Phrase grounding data
···
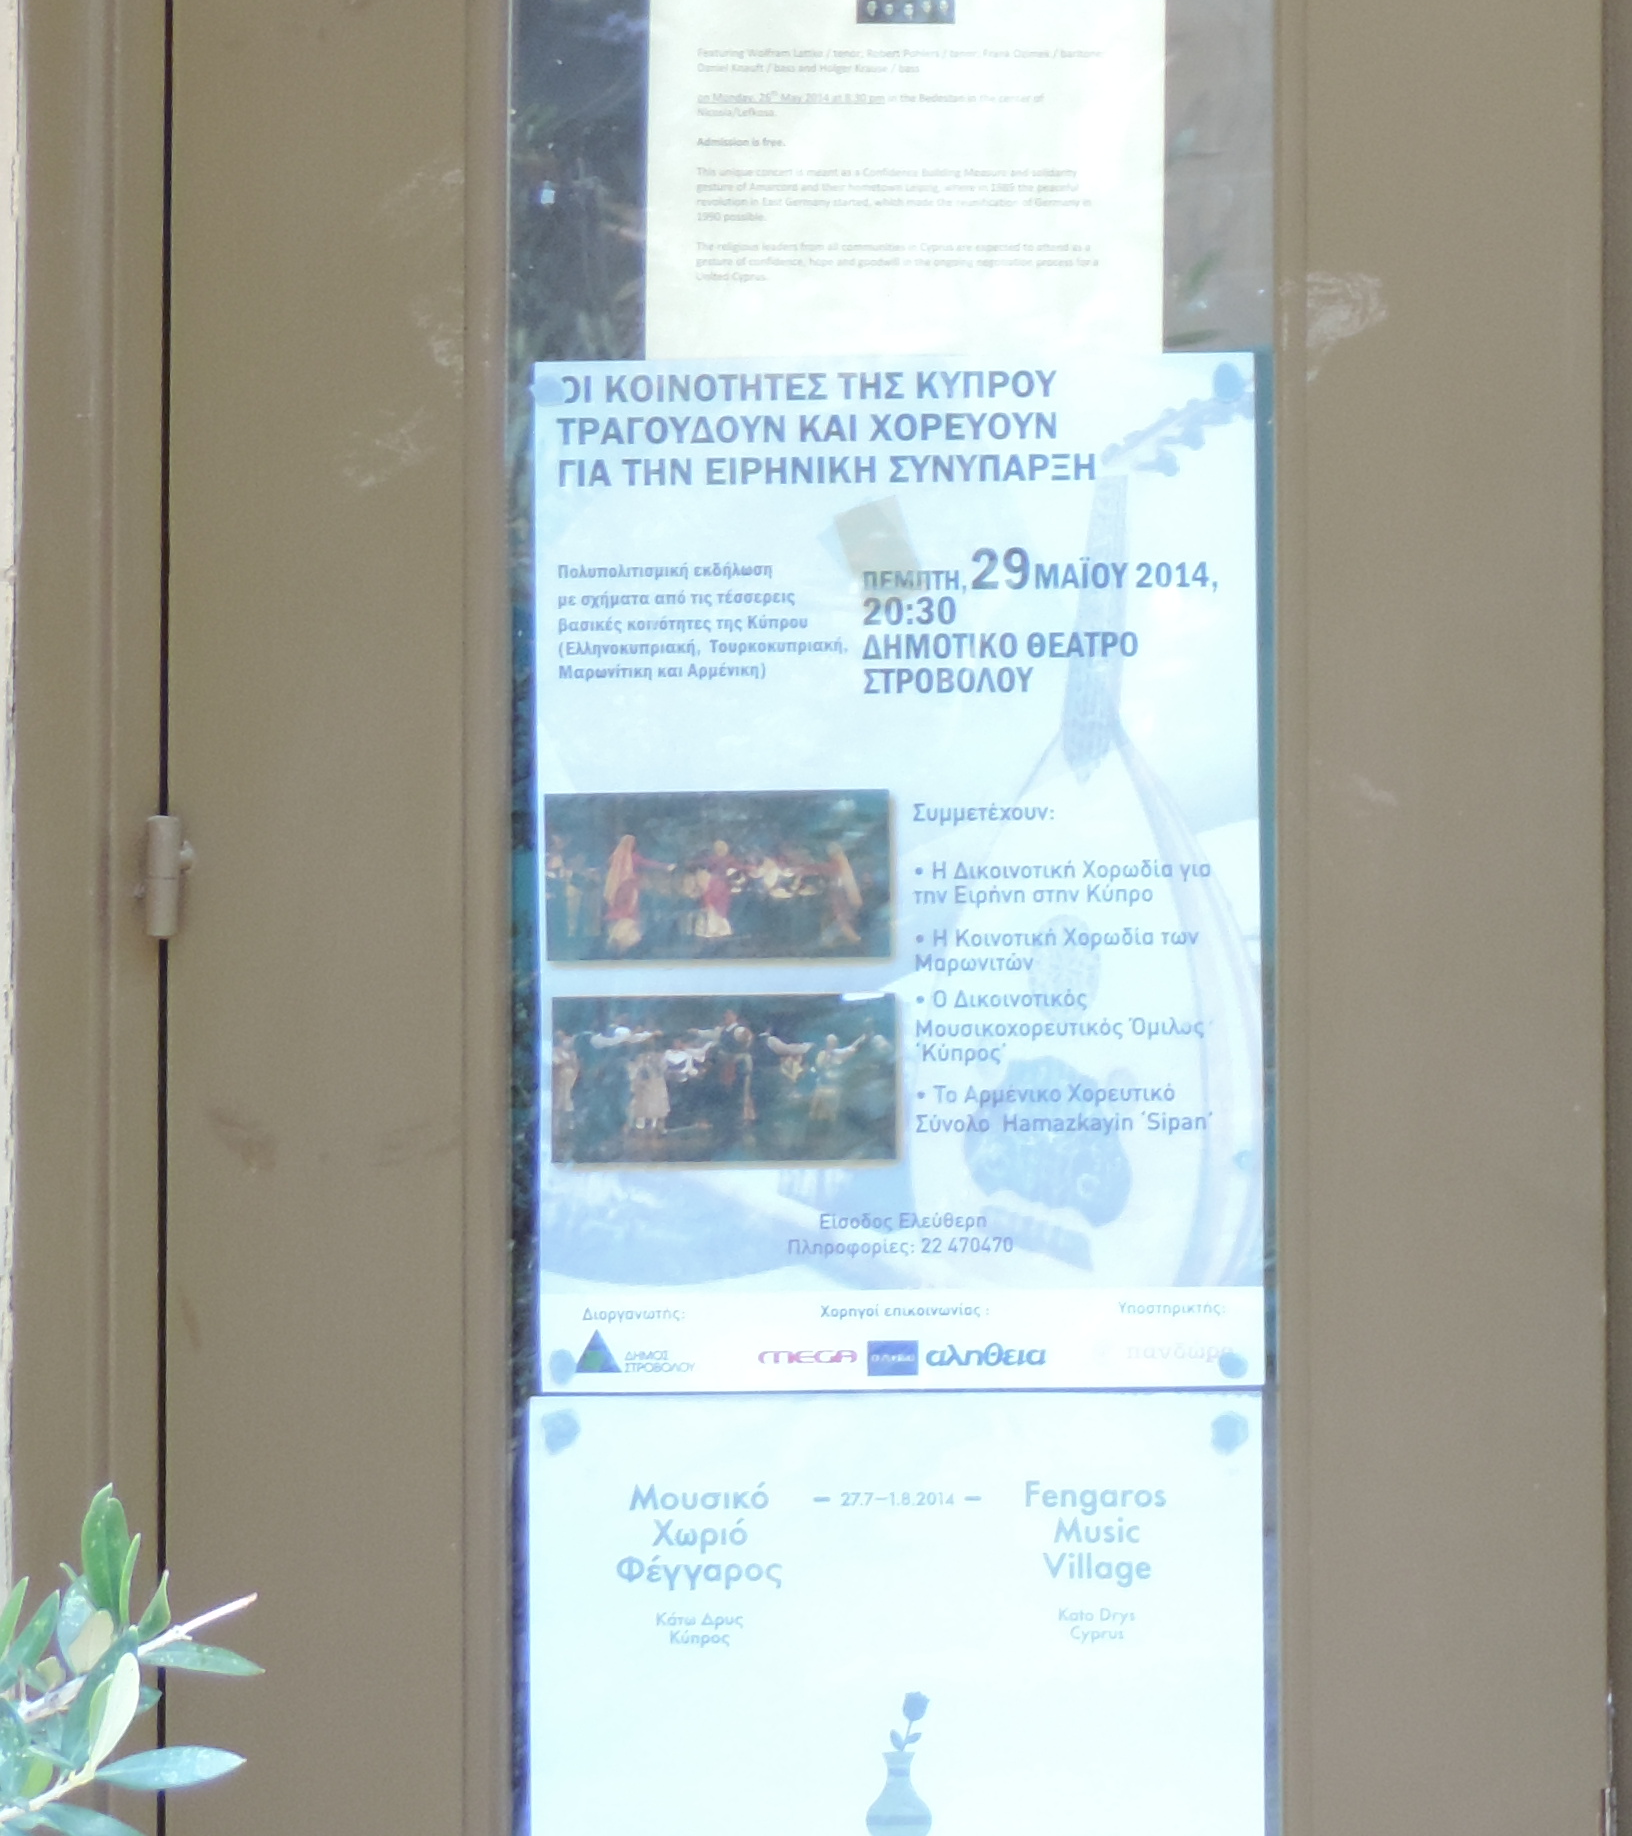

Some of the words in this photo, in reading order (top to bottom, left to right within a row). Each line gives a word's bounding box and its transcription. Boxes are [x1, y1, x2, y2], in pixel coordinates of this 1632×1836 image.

[697, 138, 749, 147] Admission
[752, 138, 760, 147] is
[763, 138, 785, 147] free.
[606, 372, 828, 402] ΚΟΙΝΟΤΗΤΕΣ
[838, 372, 905, 400] ΤΗΣ
[917, 371, 1056, 399] ΚΥΠΡΟΥ
[557, 414, 784, 445] ΤΡΑΓΟΥΔΟΥΝ
[801, 413, 858, 442] ΚΑΙ
[869, 412, 1057, 441] ΧΟΡΕΥΟΥΝ
[558, 459, 610, 487] ΓΙΑ
[622, 458, 692, 486] ΤΗΝ
[706, 456, 876, 485] ΕΙΡΗΝΙΚΗ
[889, 453, 1095, 482] ΣΥΝΥΠΑΡΞΗ
[558, 563, 688, 579] Πολυπολιτισμική
[694, 562, 772, 578] εκδήλωση
[862, 570, 967, 593] ΠΕΜΠΤΗ,
[971, 547, 1030, 590] 29
[1035, 556, 1128, 589] ΜΑΪΟΥ
[1136, 562, 1218, 592] 2014,
[558, 596, 576, 608] με
[581, 593, 650, 608] σχήματα
[655, 592, 685, 605] από
[692, 593, 712, 606] τις
[718, 591, 795, 607] τέσσερεις
[862, 597, 956, 625] 20:30
[559, 618, 622, 634] βασικές
[628, 617, 711, 632] κοινότητες
[717, 618, 742, 632] της
[748, 615, 807, 631] Κύπρου
[862, 633, 1018, 659] ΔΗΜΟΤΙΚΟ
[1027, 632, 1138, 658] ΘΕΑΤΡΟ
[658, 666, 682, 678] και
[863, 667, 1033, 694] ΣΤΡΟΒΟΛΟΥ
[913, 803, 1054, 826] Συμμετέχουν:
[933, 862, 946, 879] Η
[954, 861, 1075, 879] Δικοινοτική
[1083, 859, 1172, 881] Χορωδία
[1180, 863, 1210, 881] για
[913, 889, 947, 904] την
[955, 886, 1025, 908] Ειρήνη
[1033, 889, 1079, 904] στην
[1087, 884, 1153, 906] Κύπρο
[934, 929, 947, 946] Η
[956, 929, 1056, 947] Κοινοτική
[1063, 928, 1153, 950] Χορωδία
[1161, 931, 1199, 945] των
[916, 953, 1033, 975] Μαρωνιτών
[934, 990, 947, 1007] Ο
[954, 989, 1087, 1010] Δικοινοτικός
[916, 1020, 1123, 1041] Μουσικοχορευτικός
[934, 1085, 957, 1103] Το
[964, 1084, 1061, 1106] Αρμένικο
[1068, 1083, 1175, 1105] Χορευτικό
[916, 1115, 989, 1133] Σύνολο
[1003, 1113, 1133, 1135] Hamazkayin
[820, 1213, 892, 1231] Είσοδος
[900, 1212, 987, 1230] Ελεύθερη
[788, 1239, 915, 1257] Πληροφορίες:
[921, 1238, 942, 1253] 22
[948, 1237, 1013, 1253] 470470
[583, 1308, 685, 1322] Διοργανωτής:
[821, 1304, 879, 1319] Χορηγοί
[884, 1303, 980, 1317] επικοινωνίας
[625, 1350, 668, 1361] ΔΗΜΟΣ
[758, 1350, 857, 1363] MEGA
[625, 1362, 696, 1372] ΣΤΡΟΒΟΛΟΥ
[629, 1482, 769, 1510] Μουσικό
[1025, 1481, 1166, 1515] Fengaros
[653, 1518, 747, 1553] Χωριό
[1054, 1517, 1140, 1543] Music
[617, 1556, 783, 1589] Φέγγαρος
[1042, 1553, 1151, 1588] Village
[656, 1612, 696, 1626] Κάτω
[701, 1612, 743, 1629] Δρυς
[1058, 1608, 1095, 1622] Kato
[1100, 1608, 1135, 1624] Drys
[670, 1630, 730, 1647] Κύπρος
[1070, 1626, 1124, 1643] Cyprus
···
**Task description:**
If a line in the records includes the string "ΣΤΡΟΒΟΛΟΥ", copy it.

**Your response:**
[863, 667, 1033, 694] ΣΤΡΟΒΟΛΟΥ
[625, 1362, 696, 1372] ΣΤΡΟΒΟΛΟΥ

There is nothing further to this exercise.